■ **Your assignment**
Apart from the pictures, every record here must be copied word for word.

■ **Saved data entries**
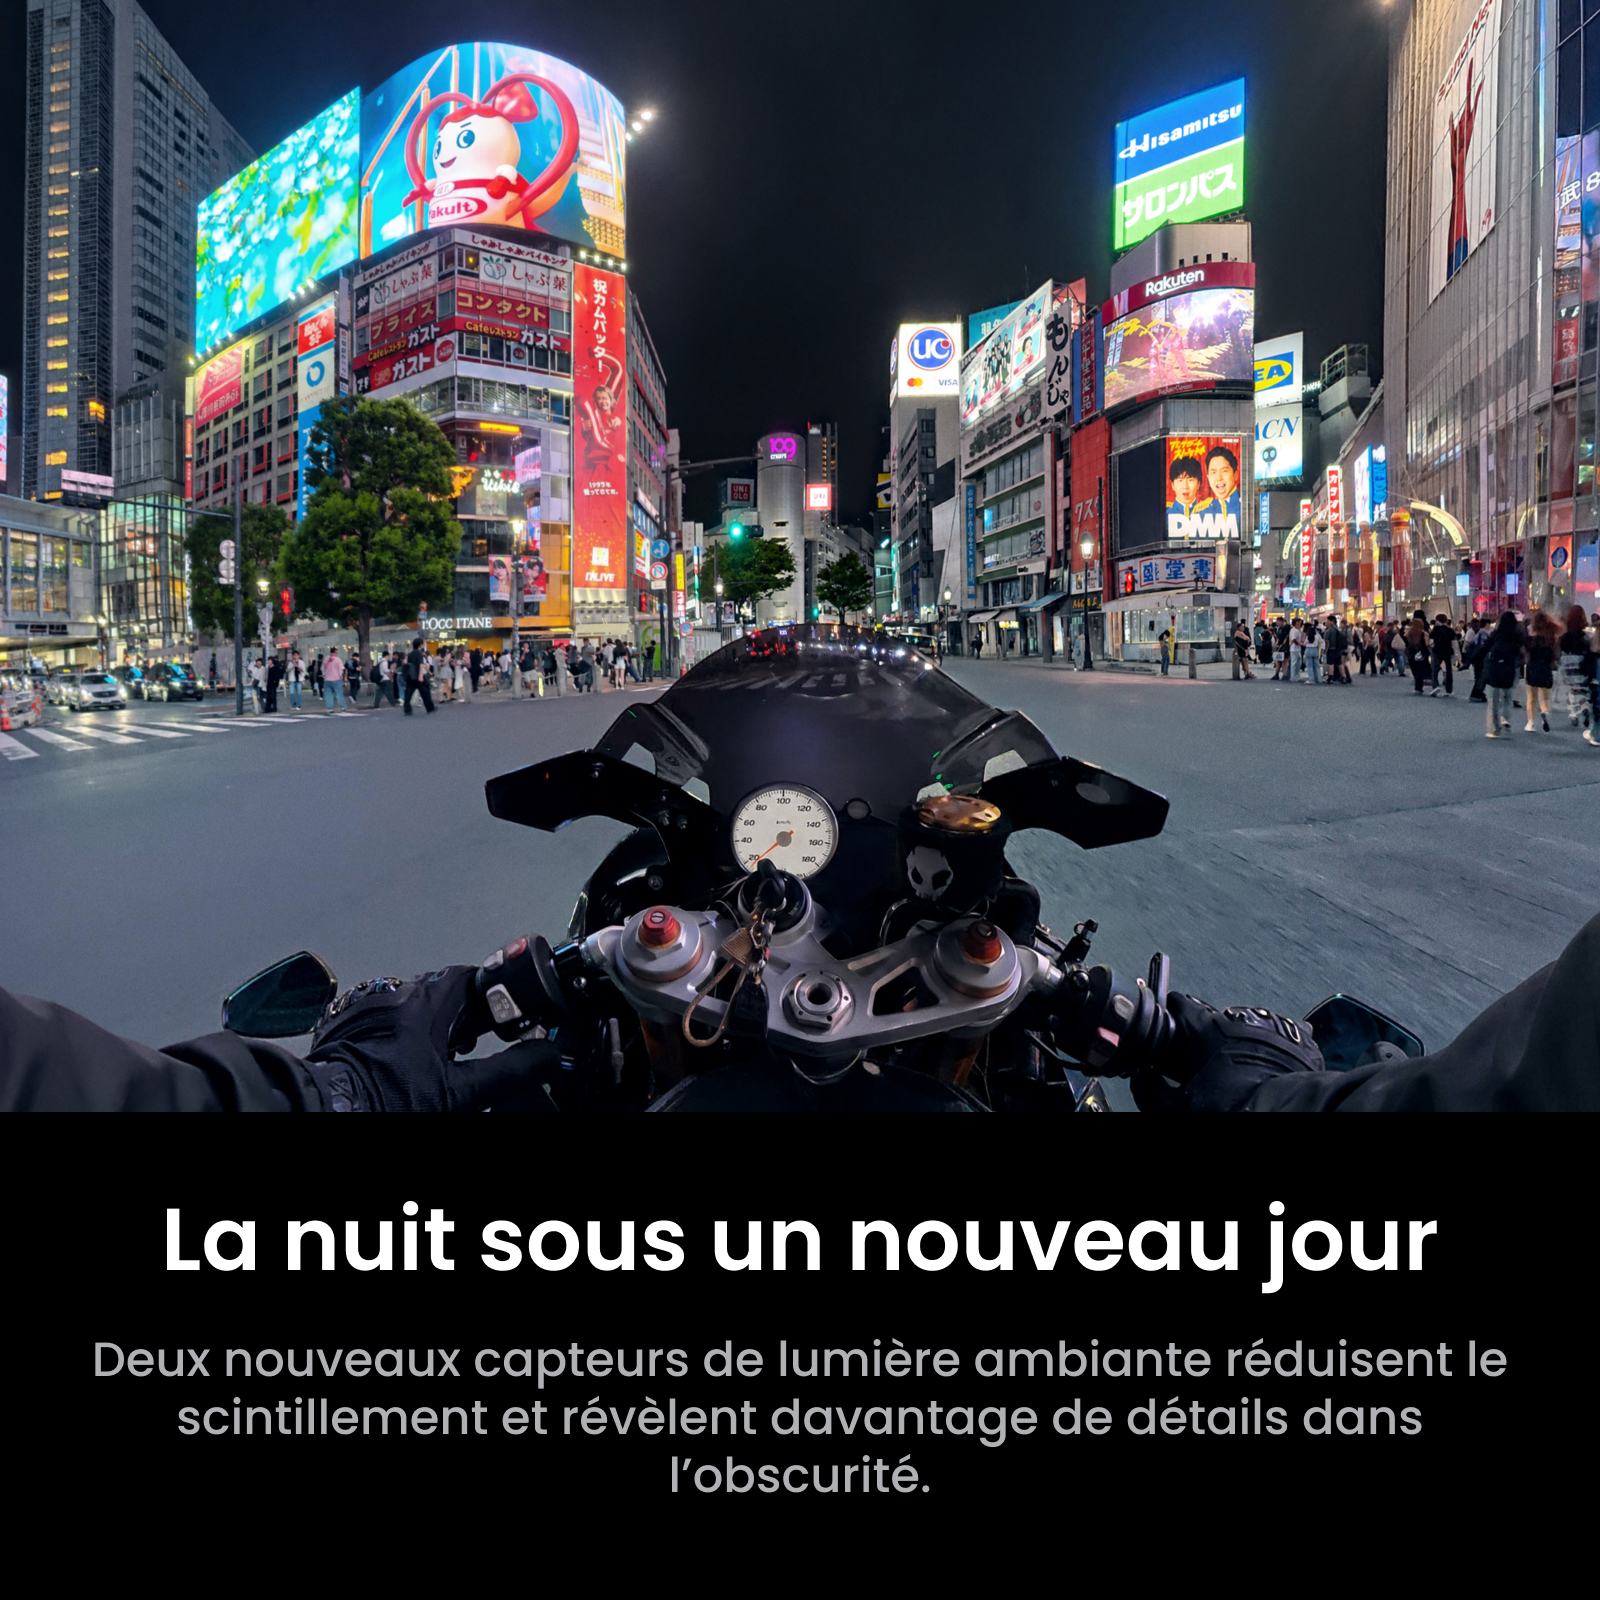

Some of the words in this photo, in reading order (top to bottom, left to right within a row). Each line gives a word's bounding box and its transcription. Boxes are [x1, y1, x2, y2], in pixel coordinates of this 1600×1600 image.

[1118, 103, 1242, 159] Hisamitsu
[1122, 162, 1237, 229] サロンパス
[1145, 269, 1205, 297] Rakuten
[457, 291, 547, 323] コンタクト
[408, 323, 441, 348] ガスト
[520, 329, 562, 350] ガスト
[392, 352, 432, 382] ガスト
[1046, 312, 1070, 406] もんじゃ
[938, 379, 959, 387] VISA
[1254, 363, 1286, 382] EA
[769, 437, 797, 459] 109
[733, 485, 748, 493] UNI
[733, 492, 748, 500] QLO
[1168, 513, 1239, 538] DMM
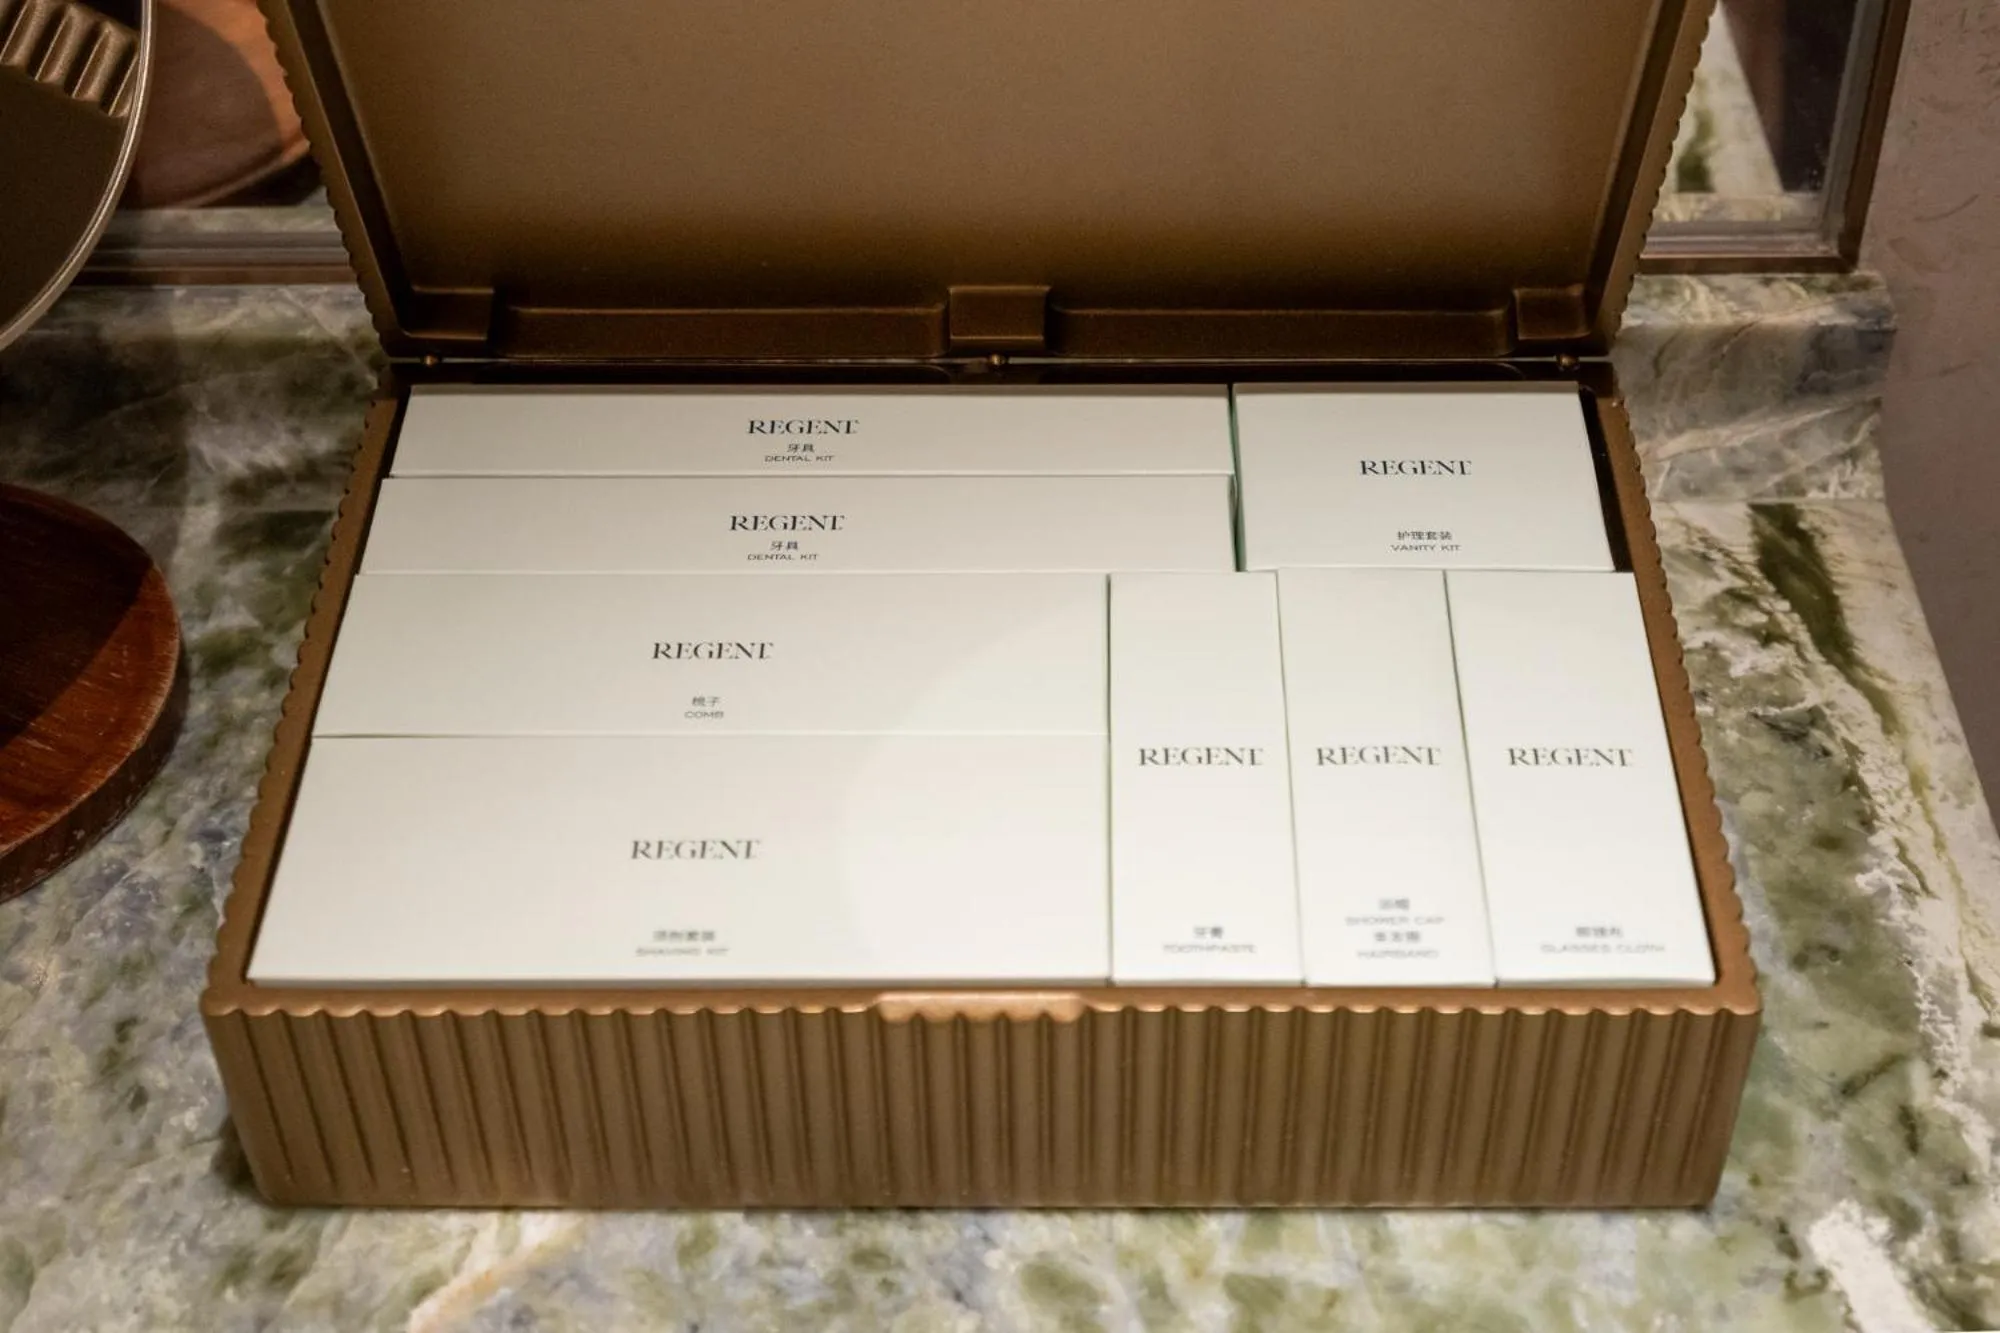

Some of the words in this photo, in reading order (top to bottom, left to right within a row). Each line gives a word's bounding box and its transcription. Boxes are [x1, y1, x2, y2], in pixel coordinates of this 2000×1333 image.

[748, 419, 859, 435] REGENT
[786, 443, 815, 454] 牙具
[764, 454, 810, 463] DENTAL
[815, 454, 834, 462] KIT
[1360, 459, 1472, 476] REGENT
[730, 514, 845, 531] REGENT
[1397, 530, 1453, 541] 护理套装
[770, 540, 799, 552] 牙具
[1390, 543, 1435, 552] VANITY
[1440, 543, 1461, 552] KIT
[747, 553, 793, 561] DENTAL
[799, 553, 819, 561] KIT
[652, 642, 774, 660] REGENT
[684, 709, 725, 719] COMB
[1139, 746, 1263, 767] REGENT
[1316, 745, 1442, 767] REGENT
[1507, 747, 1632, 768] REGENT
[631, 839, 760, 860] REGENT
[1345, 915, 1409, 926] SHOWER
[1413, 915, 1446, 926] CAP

■ **Response area**
Some of the words in this photo, in reading order (top to bottom, left to right within a row). Each line gives a word's bounding box and its transcription. Boxes are [x1, y1, x2, y2], in pixel coordinates of this 1600×1600 image.

[1118, 103, 1242, 159] Hisamitsu
[1122, 162, 1237, 229] サロンパス
[1145, 269, 1205, 297] Rakuten
[457, 291, 547, 323] コンタクト
[408, 323, 441, 348] ガスト
[520, 329, 562, 350] ガスト
[392, 352, 432, 382] ガスト
[1046, 312, 1070, 406] もんじゃ
[938, 379, 959, 387] VISA
[1254, 363, 1286, 382] EA
[769, 437, 797, 459] 109
[733, 485, 748, 493] UNI
[733, 492, 748, 500] QLO
[1168, 513, 1239, 538] DMM

Some of the words in this photo, in reading order (top to bottom, left to right within a row). Each line gives a word's bounding box and its transcription. Boxes are [x1, y1, x2, y2], in pixel coordinates of this 2000×1333 image.

[748, 419, 859, 435] REGENT
[786, 443, 815, 454] 牙具
[764, 454, 810, 463] DENTAL
[815, 454, 834, 462] KIT
[1360, 459, 1472, 476] REGENT
[730, 514, 845, 531] REGENT
[1397, 530, 1453, 541] 护理套装
[770, 540, 799, 552] 牙具
[1390, 543, 1435, 552] VANITY
[1440, 543, 1461, 552] KIT
[747, 553, 793, 561] DENTAL
[799, 553, 819, 561] KIT
[652, 642, 774, 660] REGENT
[684, 709, 725, 719] COMB
[1139, 746, 1263, 767] REGENT
[1316, 745, 1442, 767] REGENT
[1507, 747, 1632, 768] REGENT
[631, 839, 760, 860] REGENT
[1345, 915, 1409, 926] SHOWER
[1413, 915, 1446, 926] CAP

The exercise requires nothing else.